§ **ABOUT THIS TASK**
Repeat every record exactly, but omit the images.

§ **RECORDS SUPPLIED**
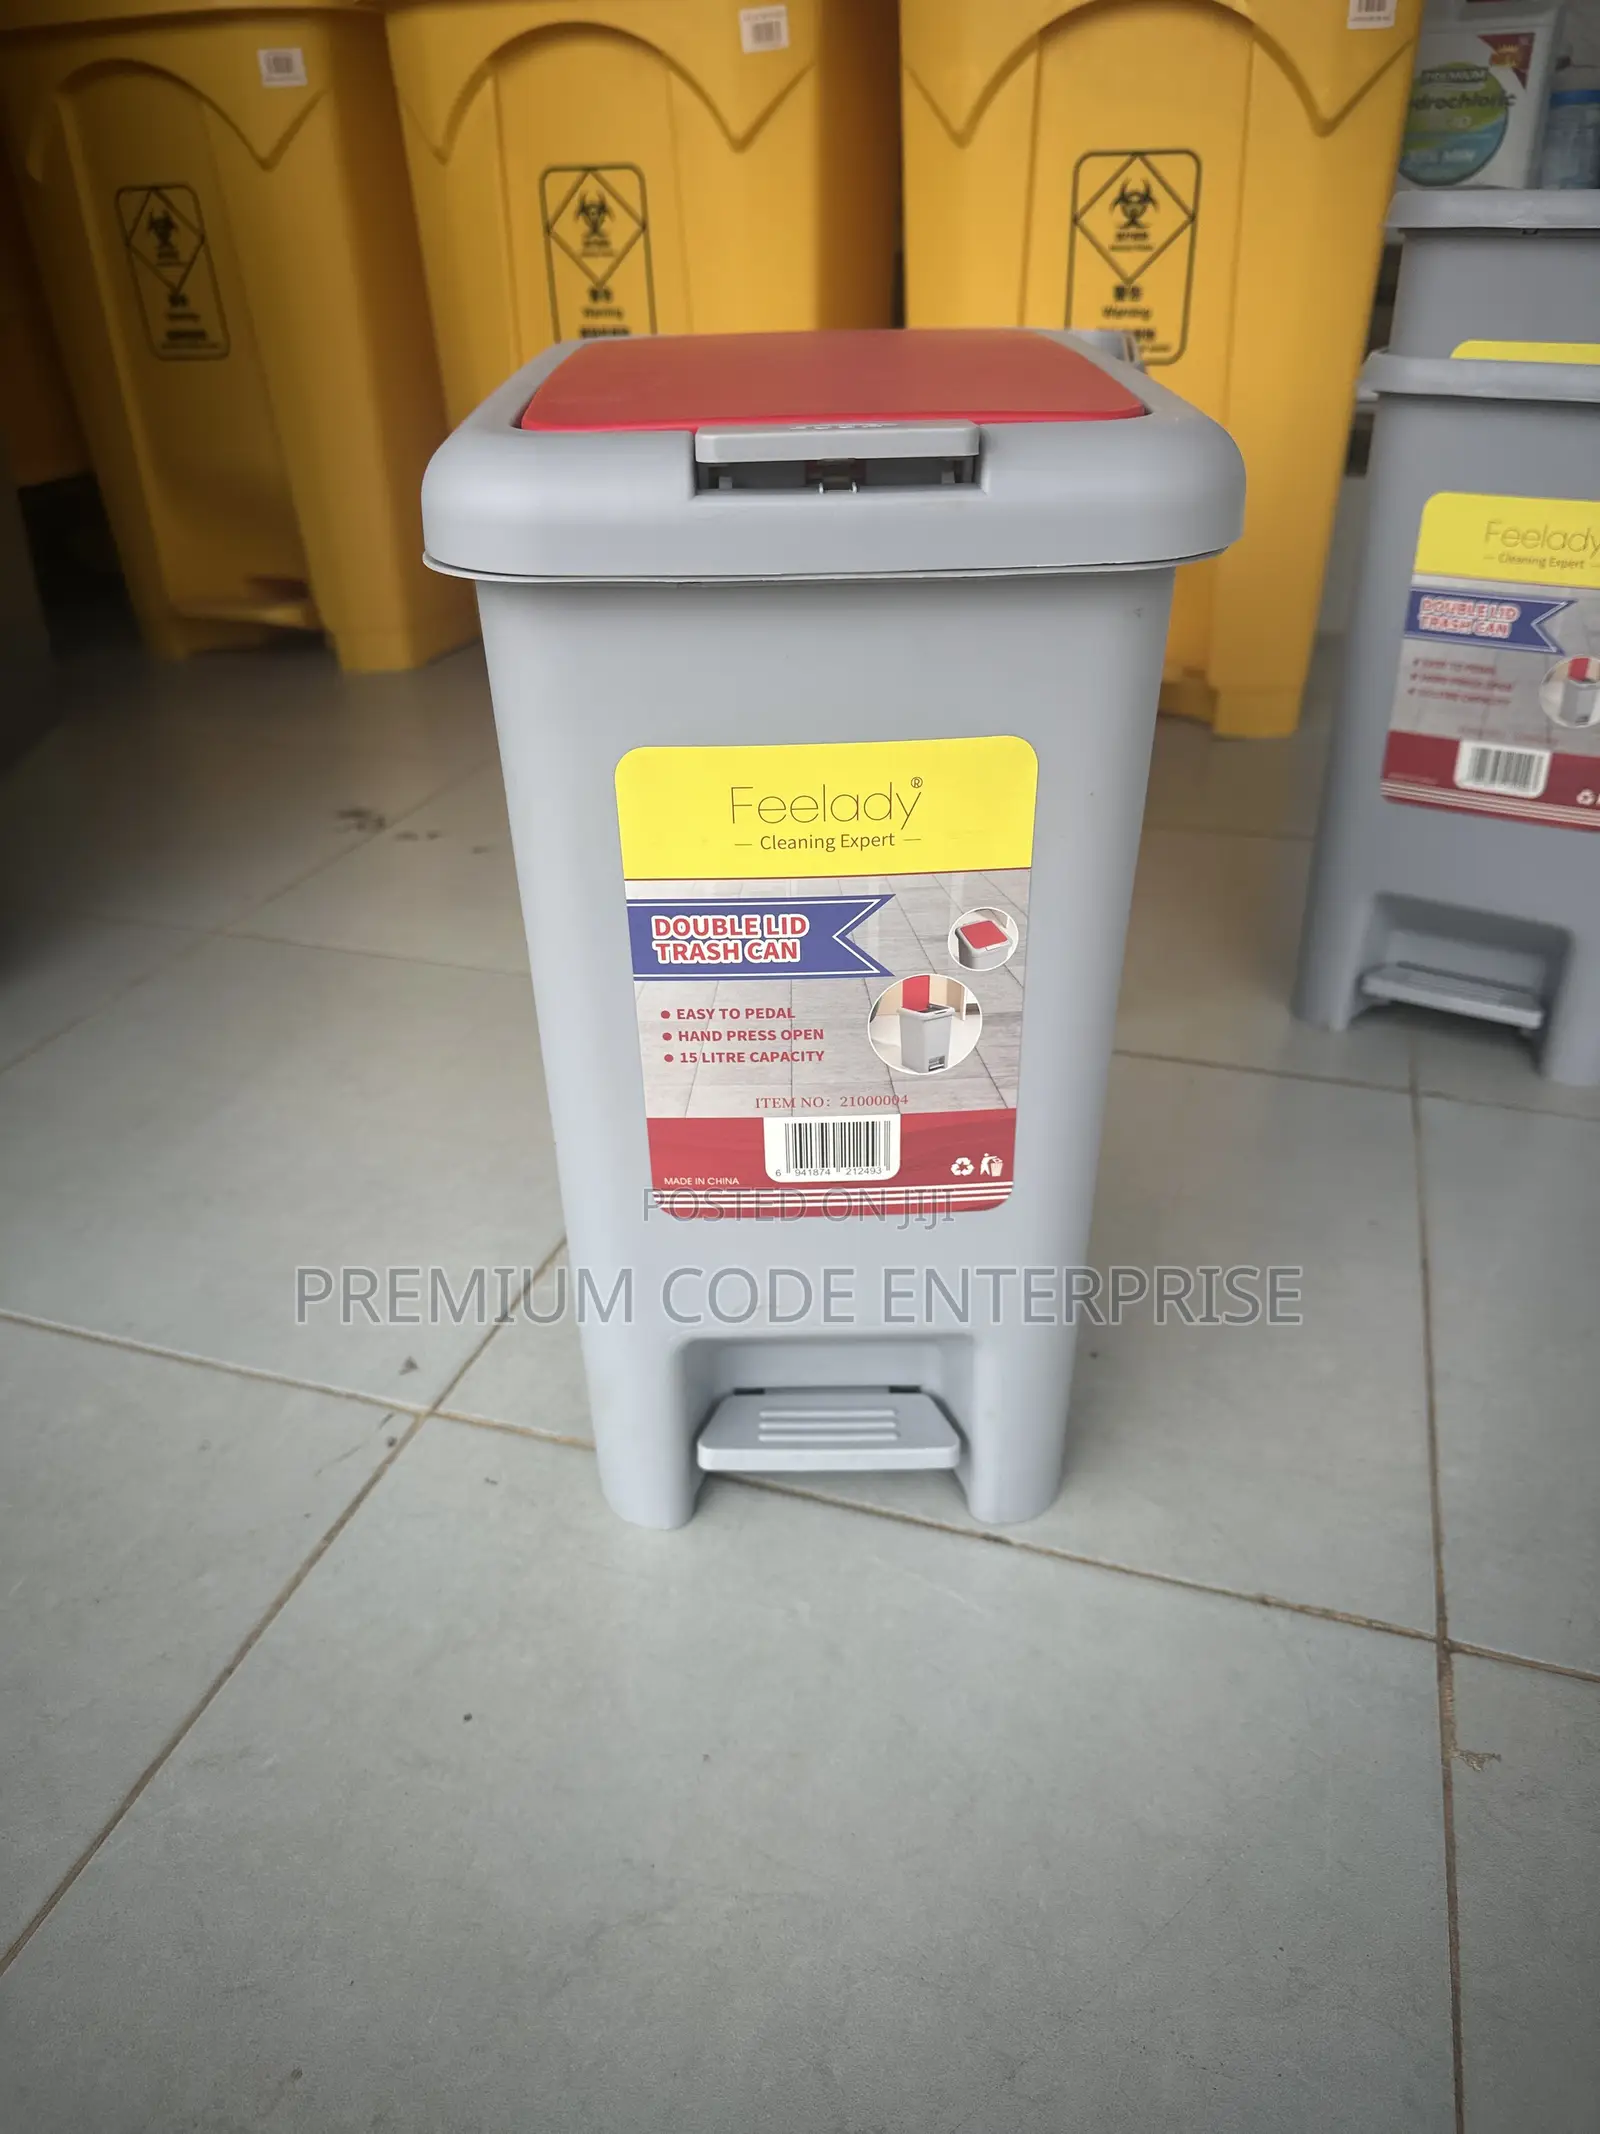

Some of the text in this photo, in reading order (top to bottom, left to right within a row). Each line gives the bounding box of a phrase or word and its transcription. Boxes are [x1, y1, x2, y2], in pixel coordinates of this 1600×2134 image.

[1497, 552, 1585, 571] Cleaning Expert
[760, 832, 896, 853] Cleaning Expert
[653, 915, 808, 938] DOUBLE LID
[656, 939, 799, 963] TRASH CAN
[676, 1007, 796, 1021] EASY TO PEDAL
[678, 1028, 824, 1043] HAND PRESS OPEN
[680, 1050, 825, 1064] 15 LITRE CAPACITY
[755, 1097, 796, 1110] ITEM
[839, 1094, 909, 1108] 21000004
[775, 1166, 882, 1178] 6 941874 212493
[664, 1177, 740, 1186] MADE IN CHINA

§ **EXERCISE ANSWER**
Some of the text in this photo, in reading order (top to bottom, left to right within a row). Each line gives the bounding box of a phrase or word and its transcription. Boxes are [x1, y1, x2, y2], in pixel coordinates of this 1600×2134 image.

[1497, 552, 1585, 571] Cleaning Expert
[760, 832, 896, 853] Cleaning Expert
[653, 915, 808, 938] DOUBLE LID
[656, 939, 799, 963] TRASH CAN
[676, 1007, 796, 1021] EASY TO PEDAL
[678, 1028, 824, 1043] HAND PRESS OPEN
[680, 1050, 825, 1064] 15 LITRE CAPACITY
[755, 1097, 796, 1110] ITEM
[839, 1094, 909, 1108] 21000004
[775, 1166, 882, 1178] 6 941874 212493
[664, 1177, 740, 1186] MADE IN CHINA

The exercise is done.